Ich nickte monoton, obwohl er mit dem Rücken zu mir hockte und es nicht sehen konnte. Denn obwohl dies wohl die Anweisung sein sollte, schnellstens einen Lehrer zu informieren, konnte ich mich nicht vom Fleck rühren. Nicht nur aus dem Grund, dass dieser Anblick so erschreckend brutal war. Wenn die zwei Austauschschüler von den Heilerinnen behandelt wurden, hatte ich keine Chance mehr, anhand ihrer Verletzungen irgendetwas über den Angriff herauszufinden und ich bezweifelte stark, dass sie dazu in der Lage wären, mir meine Fragen zu beantworten, selbst wenn ich die Gelegenheit bekäme, mindestens einen der beiden nach ihrem Erwachen zu befragen. Höchstwahrscheinlich hatte der Spion sich sogar die Mühe gemacht, die Erinnerungen an den Kampf vollends aus Cyans und Lizzys Gedächtnis zu löschen, wenn er dazu im Stande wäre. Daher musste ich die Chance ergreifen, um mir ein Bild über den Angriff verschaffen zu können.

Da ich die Wunden etwas genauer inspizieren wollte, um noch mehr über den Ablauf des Attentats herauszufinden, näherte ich mich den zwei Körpern erneut. Dieses Mal schreckte ich nicht vor dem grausamen Anblick zurück.
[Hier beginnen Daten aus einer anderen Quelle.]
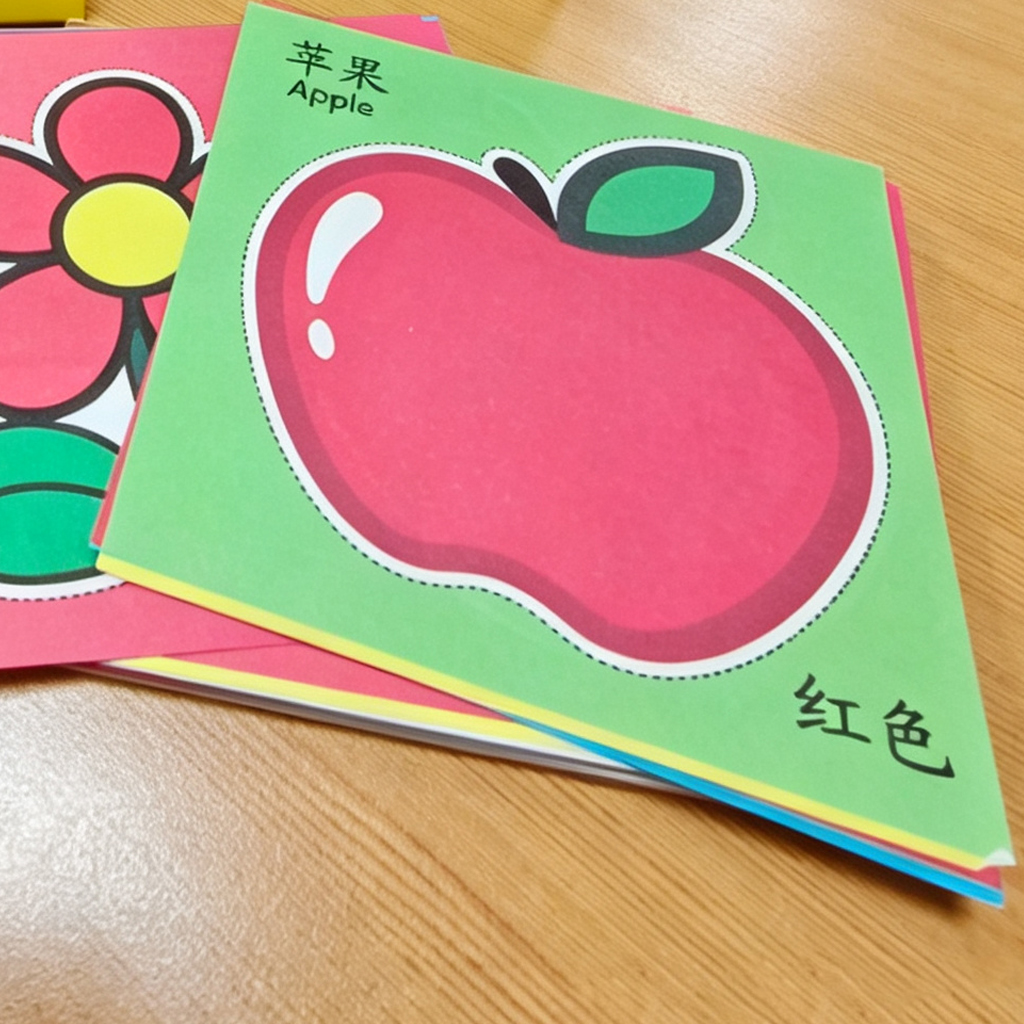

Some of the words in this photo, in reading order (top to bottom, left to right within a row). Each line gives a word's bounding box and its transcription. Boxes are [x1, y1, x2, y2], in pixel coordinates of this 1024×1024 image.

[285, 40, 390, 95] 苹果
[287, 79, 374, 116] Apple
[794, 673, 955, 778] 红色
Doch als ich Christian schon fast über die Schultern blicken konnte, hielt er mich zurück.

"Tu das nicht!", warnte er mich ohne sich umzusehen. Aprupt blieb ich stehen. Warum hielt er mich auf? Die Beweise lagen direkt vor meiner Nase und es wäre unklug, sie zu ignorieren, wenn sie dabei helfen könnten, einen weiteren Angriff des Spions zu verhindern. Doch noch bevor er fortfahren konnte, wusste ich, dass es ein Fehler war, meinen Wissensdrang über die Gesundheit der verletzten Schüler zu stellen. Ich konnte nicht ihre Leben riskieren, nur um an ungenaue Informationen heranzukommen.
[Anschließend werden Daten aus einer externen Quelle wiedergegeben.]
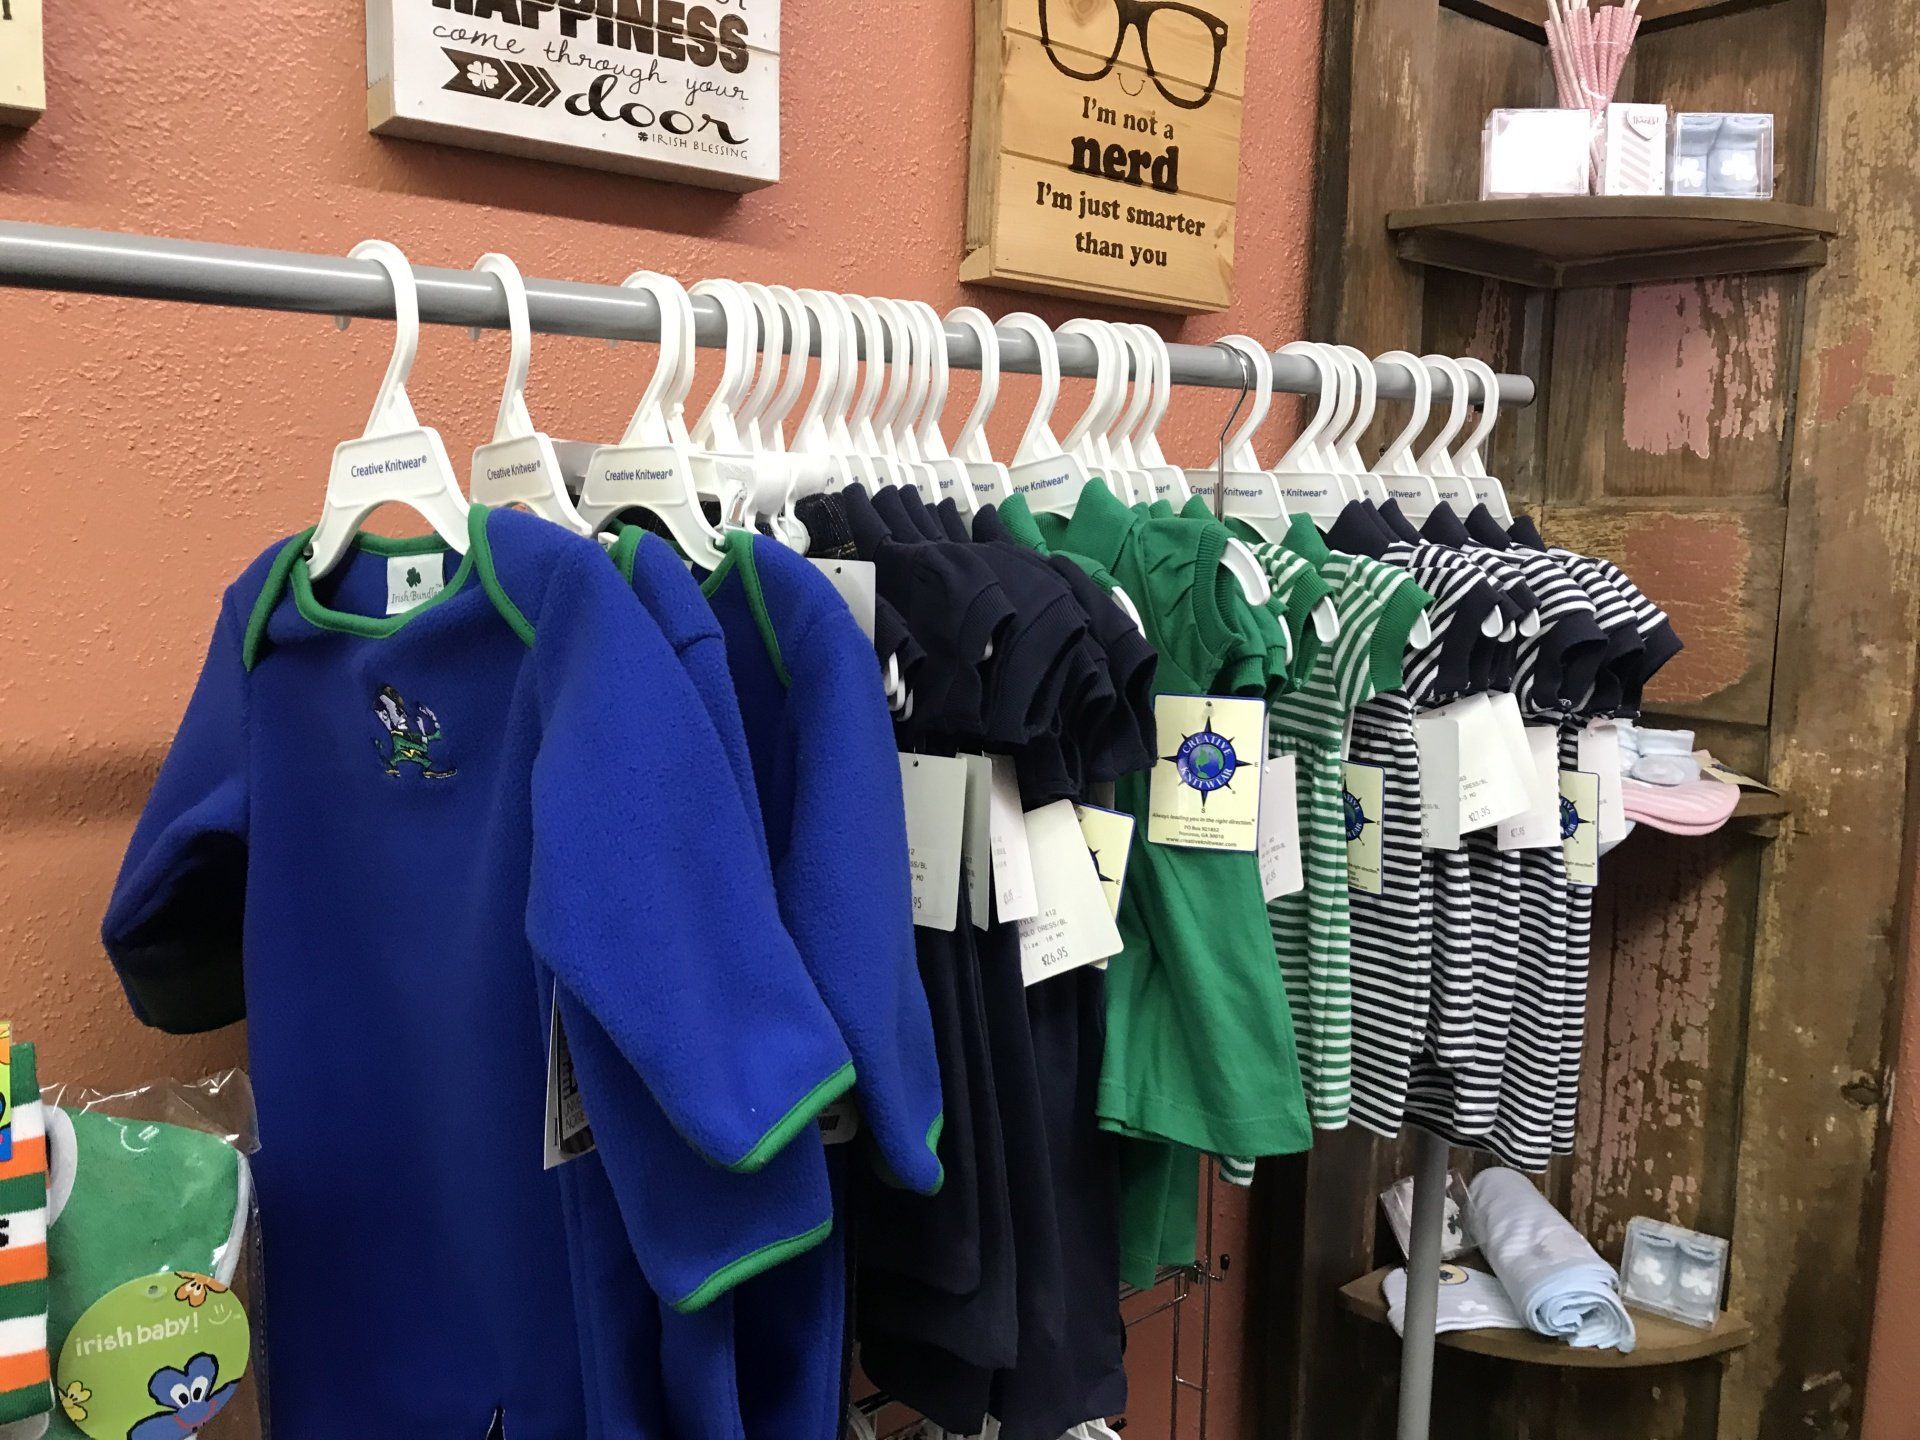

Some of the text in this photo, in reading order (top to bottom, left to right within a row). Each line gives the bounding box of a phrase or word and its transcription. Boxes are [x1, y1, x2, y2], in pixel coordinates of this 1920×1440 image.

[432, 0, 750, 75] PPINESS
[433, 25, 749, 106] come through your
[564, 74, 749, 145] door
[1082, 96, 1174, 140] I'm not a
[652, 134, 749, 160] IRISH BLESSING
[1068, 136, 1179, 193] nerd
[1036, 181, 1206, 236] I'm just smarter
[1075, 232, 1168, 267] than you
[351, 462, 384, 478] Creative
[487, 466, 511, 481] Creative
[604, 469, 634, 481] Creative
[1387, 489, 1421, 498] nitwear®
[391, 590, 409, 604] Irish
[1182, 734, 1233, 756] CREATIVE
[1181, 767, 1233, 789] KNITWEAR
[1468, 806, 1491, 822] $27.95
[1019, 916, 1035, 928] TYLE
[1041, 946, 1069, 967] $26.95
[75, 1312, 199, 1357] irish baby!
"Wenn du Cyans Leben irgendwie retten kannst, dann tust du das am ehesten, wenn du einen Lehrer holst. Und es muss sofort passieren, denn die Lage ist sehr ernst", erinnerte er mich und seine Worte ließen keinerlei Wiederspruch dulden. Seufzend trat ich einen Schritt zurück. Er hatte Recht. Ich durfte keine Zeit verschwenden. Hier stand Cyans Leben auf dem Spiel.

"Ich hole Mrs Crumber", versprach ich ihm fest entschlossen und warf einen letzten Blick auf die am Boden liegenden Schüler. Sicherlich hatte Christian die beiden Körper ausgiebig analysiert. Bei Fragen würde ich mich an ihn wenden müssen.

"Beeil dich und erzähl erst einmal niemandem davon, bevor die Gründer hier auftauchen! Gerüchte verbreiten sich auf dieser Schule schneller als Feuer", erinnerte er mich, während er einen Stoffstreifen am Ärmel seines Hemds abtrennte und damit die Platzwunde an Cyans Kopf bandagierte.